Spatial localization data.
§ §

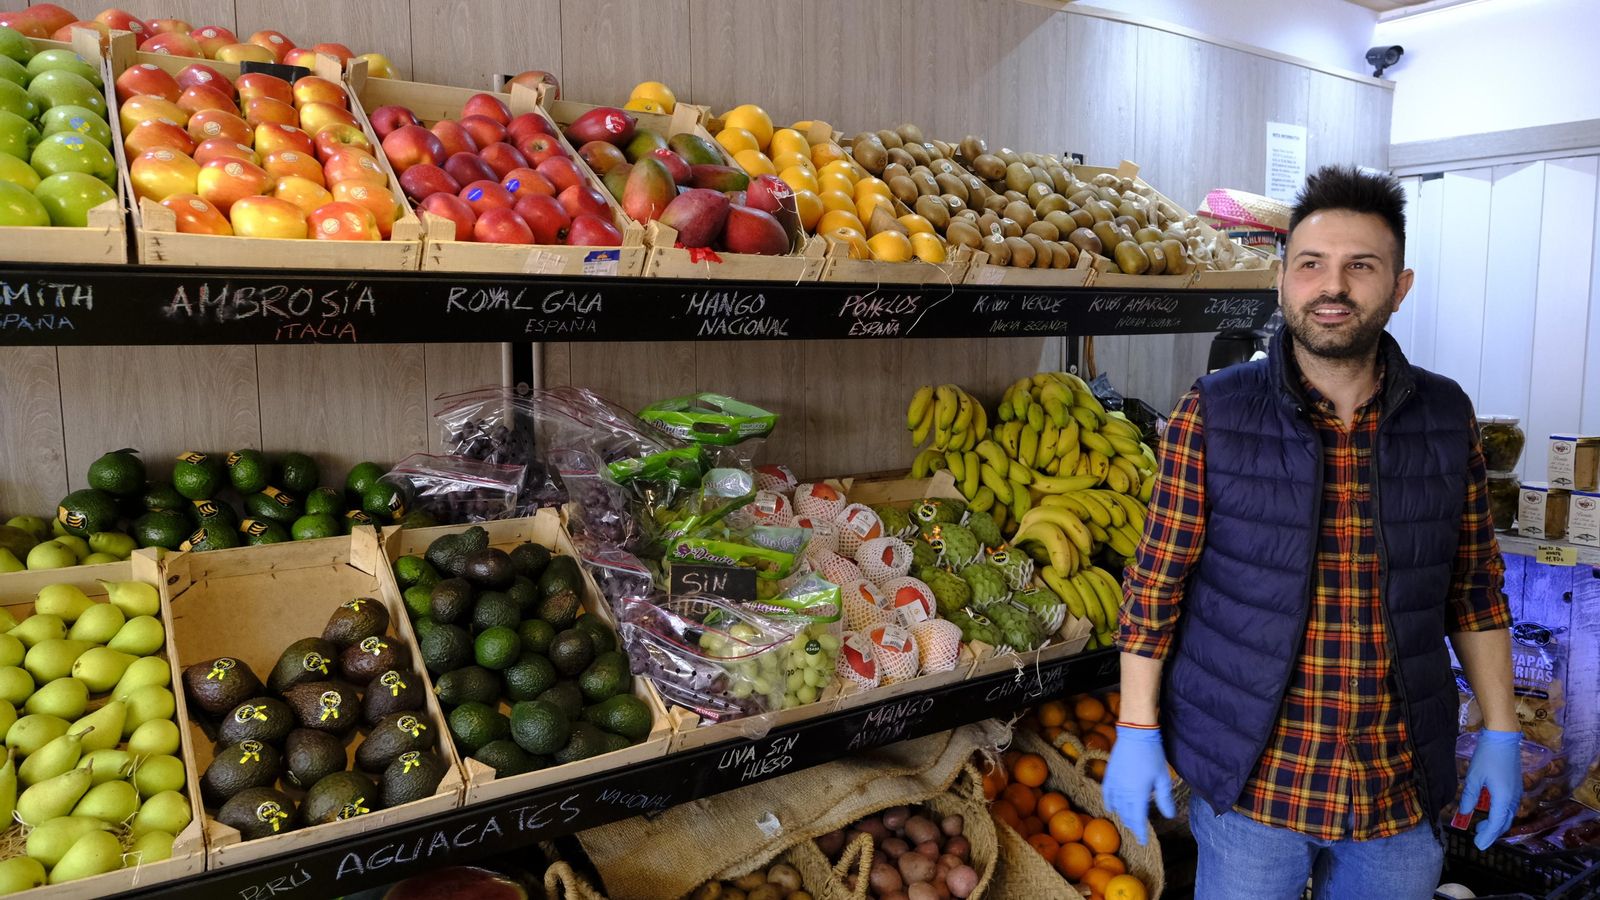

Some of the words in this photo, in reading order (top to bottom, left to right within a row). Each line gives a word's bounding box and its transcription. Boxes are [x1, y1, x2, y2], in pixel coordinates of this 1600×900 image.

[446, 286, 534, 313] ROYAL
[541, 289, 603, 314] GALA
[685, 291, 766, 317] MANGO
[1021, 294, 1068, 313] VERDE
[0, 314, 76, 332] PAÑA
[524, 316, 597, 334] ESPAÑA
[848, 319, 901, 336] ESPAÑA
[1512, 665, 1554, 683] RITAS
[862, 697, 935, 730] MANGO
[717, 745, 756, 769] UVA
[741, 755, 793, 782] HUESO
[335, 793, 581, 881] AGUACATES

§ §

WHAT YOU SHOULD DO. Pictures don't belong in the copy. Transcribe every record exactly as it appears.

RESPONSE BOX.
Some of the words in this photo, in reading order (top to bottom, left to right within a row). Each line gives a word's bounding box and its transcription. Boxes are [x1, y1, x2, y2], in pixel coordinates of this 1600×900 image.

[446, 286, 534, 313] ROYAL
[541, 289, 603, 314] GALA
[685, 291, 766, 317] MANGO
[1021, 294, 1068, 313] VERDE
[0, 314, 76, 332] PAÑA
[524, 316, 597, 334] ESPAÑA
[848, 319, 901, 336] ESPAÑA
[1512, 665, 1554, 683] RITAS
[862, 697, 935, 730] MANGO
[717, 745, 756, 769] UVA
[741, 755, 793, 782] HUESO
[335, 793, 581, 881] AGUACATES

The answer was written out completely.